Bei Sat.1 ist man da nicht so zimperlich. Bei den “Promis unter Palmen” haben sie wieder alle Krawallschachteln eingeladen, die Trash-Deutschland zu bieten hat. Es gibt ordentlich Zoff, die Kameras halten drauf, auch bei schlimmsten homophoben Entgleisungen. Nur einer schreitet ein: Willi Herren. Sat.1 bekommt trotzdem und zurecht einen Shitstorm, die nächste Folge läuft stark gekürzt – und dann ist nach Folge 2 Schluss. Nach der Nachricht lässt Sat.1 die Ausstrahlung ruhen: Willi Herren ist tot.

In Trauer sind sich Sat.1 und RTL einig: In beiden Frühstücksfernsehsendungen trauern die Teams um Jan Hahn.
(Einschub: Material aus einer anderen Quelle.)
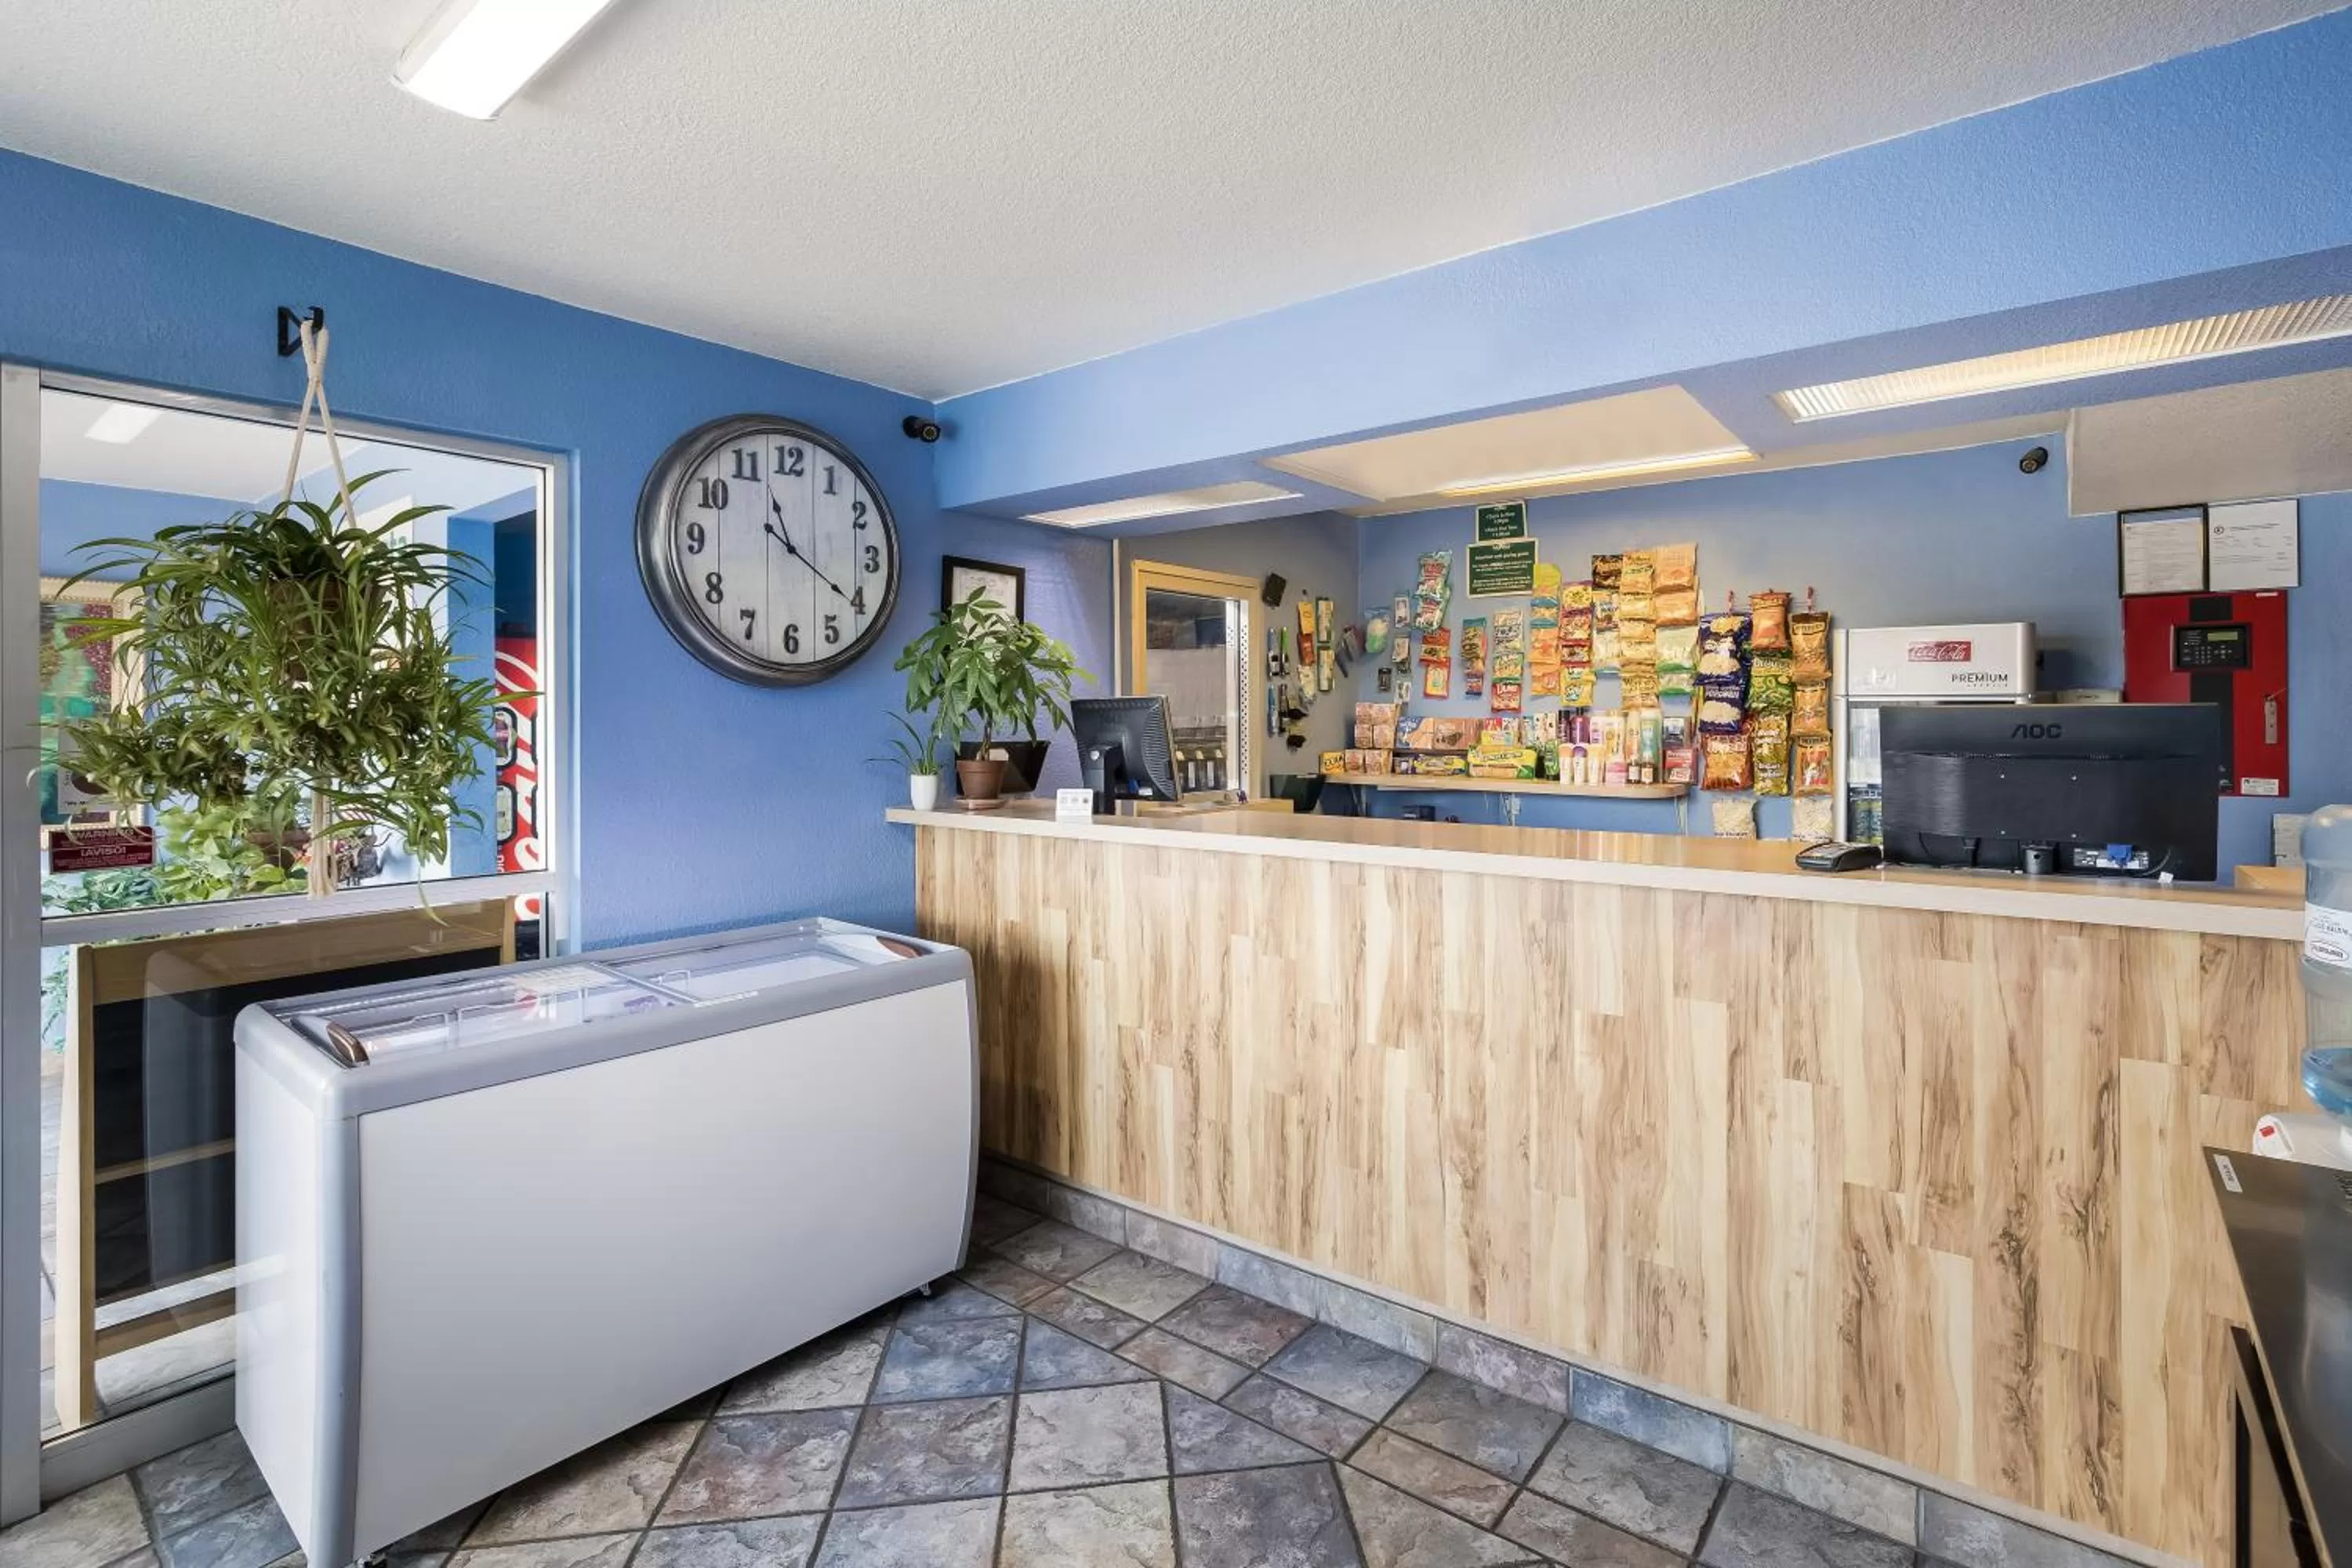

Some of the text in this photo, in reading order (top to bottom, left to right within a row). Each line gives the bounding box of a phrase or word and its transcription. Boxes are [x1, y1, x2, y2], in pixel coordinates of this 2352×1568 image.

[731, 448, 761, 482] 11
[774, 445, 804, 477] 12
[698, 477, 728, 510] 10
[823, 466, 837, 495] 1
[851, 501, 867, 530] 2
[686, 522, 705, 554] 9
[864, 545, 880, 573] 3
[706, 572, 724, 604] 8
[851, 586, 866, 615] 4
[740, 609, 755, 640] 7
[783, 624, 799, 654] 6
[824, 614, 840, 644] 5
[1951, 673, 2008, 682] PREMIUM
[2011, 724, 2063, 739] AOC
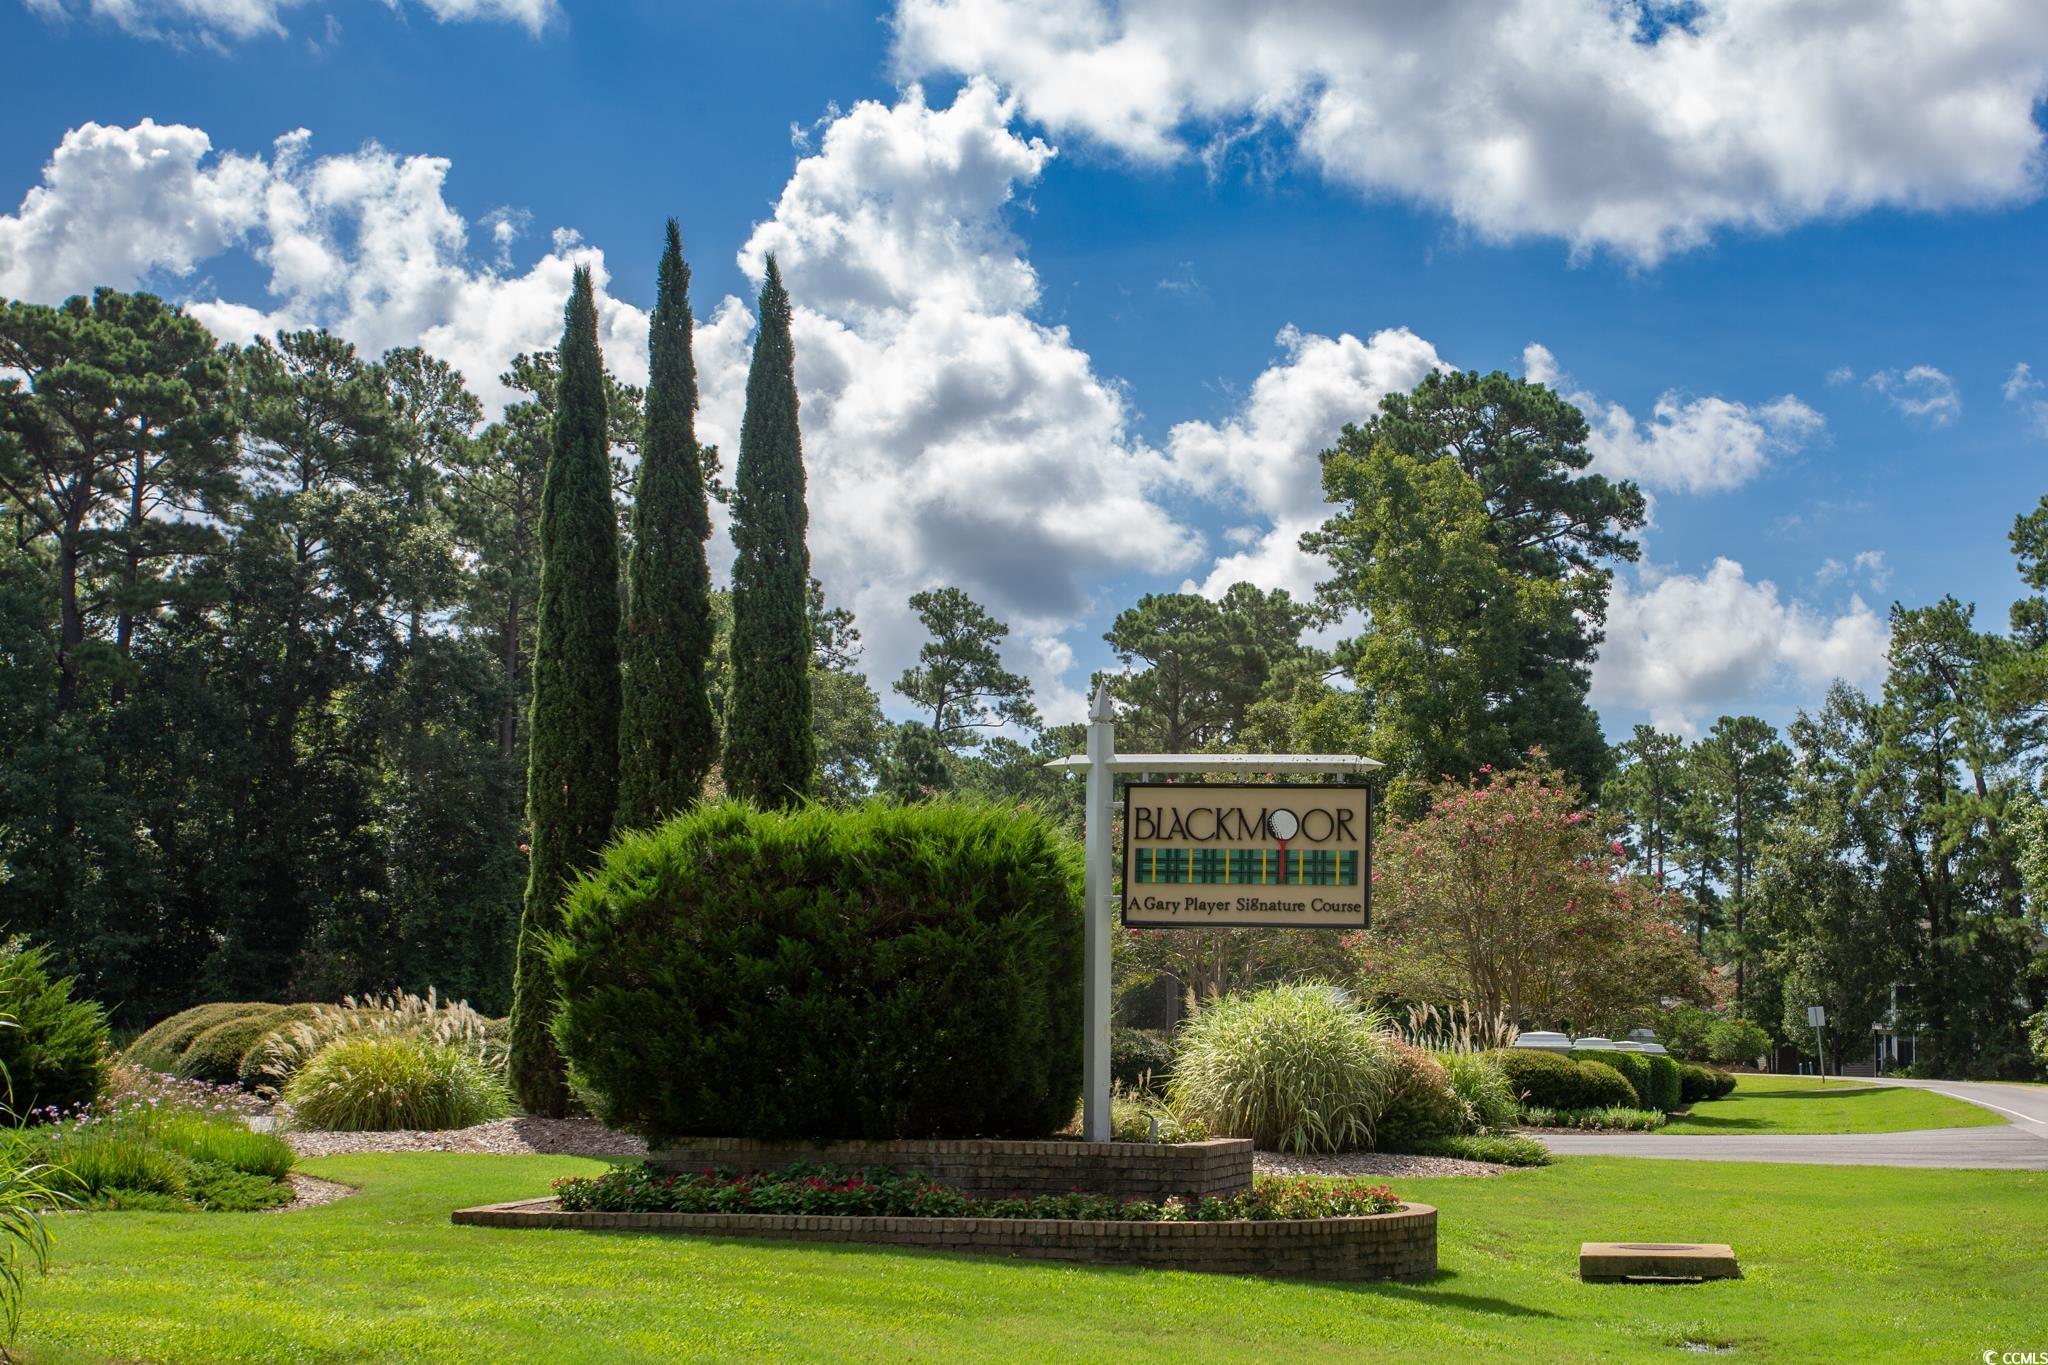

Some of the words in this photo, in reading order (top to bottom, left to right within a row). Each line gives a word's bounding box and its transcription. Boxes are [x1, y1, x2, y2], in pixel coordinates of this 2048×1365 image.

Er erliegt einem Krebsleiden. Als die Meldung bekannt wird, fließen bei der RTL-“Exclusiv”-Moderatorin am Ende die Tränen, und “RTL aktuell” endet mit einer stummen Trauertafel.
An seinem 100. Geburtstag kündigt die “TV Spielfilm” einen alten DDR-Film mit dem Schauspieler Herbert Köfer an – mit dem Hinweis, dass er heute 100 geworden wäre. Dabei IST er 100 geworden. Aber leider nicht älter – Herbert Köfer stirbt wenige Monate danach.
Mit ihm verlassen 2021 weitere Schauspielende die Bühne: der Komiker Mirco Nontschew, Jean-Paul Belmondo, Heide Keller, Aschenbrödel Libuše Šafránková, “Golden Girl” Betty White, der Lindenstraße-Grieche Kostas Papanastasiou, Arved Birnbaum, “Love Boat”-Käptn Gavin MacLeod, Lindenstraße-Doktor Ludwig Haas, Thomas Fritsch und Christopher Plummer. Die Musiker Françoise Cactus, Volker Lechtenbrink, Baccara-Sängerin Maria Mendiola, Steve Bronski, Ted Herold, Charlie Watts, John Miles, Milva, Mikis Theodorakis, DMX, Barby Kelly, Bill Ramsey, Komponist Siegfried Matthus und Nick Kamen. Die Journalisten und Moderatoren Alfred Biolek, Larry King, Bettina Gaus, Gerd Ruge, Wolf-Dieter Poschmann, Christopher Plass, Hans-Eckart Eckhardt und Jürgen Engert. Peter R. de Vries wird in den Niederlanden ermordet. Die Sportler Horst Eckel und Gerd Müller. Der Youtuber Philipp Mickenbecker. Die Politiker Kurt Biedenkopf, Donald Rumsfeld und Colin Powell. Prinz Philip. Die Zirkusleute Gerd Siemoneit-Barum und Siegfried Fischbacher, der Nobelpreisträger Desmond Tutu. Die Autoren Noah Gordon und Uta Ranke-Heinemann. Comiczeichner Martin Perscheid und Kabarettist Ludger Stratmann.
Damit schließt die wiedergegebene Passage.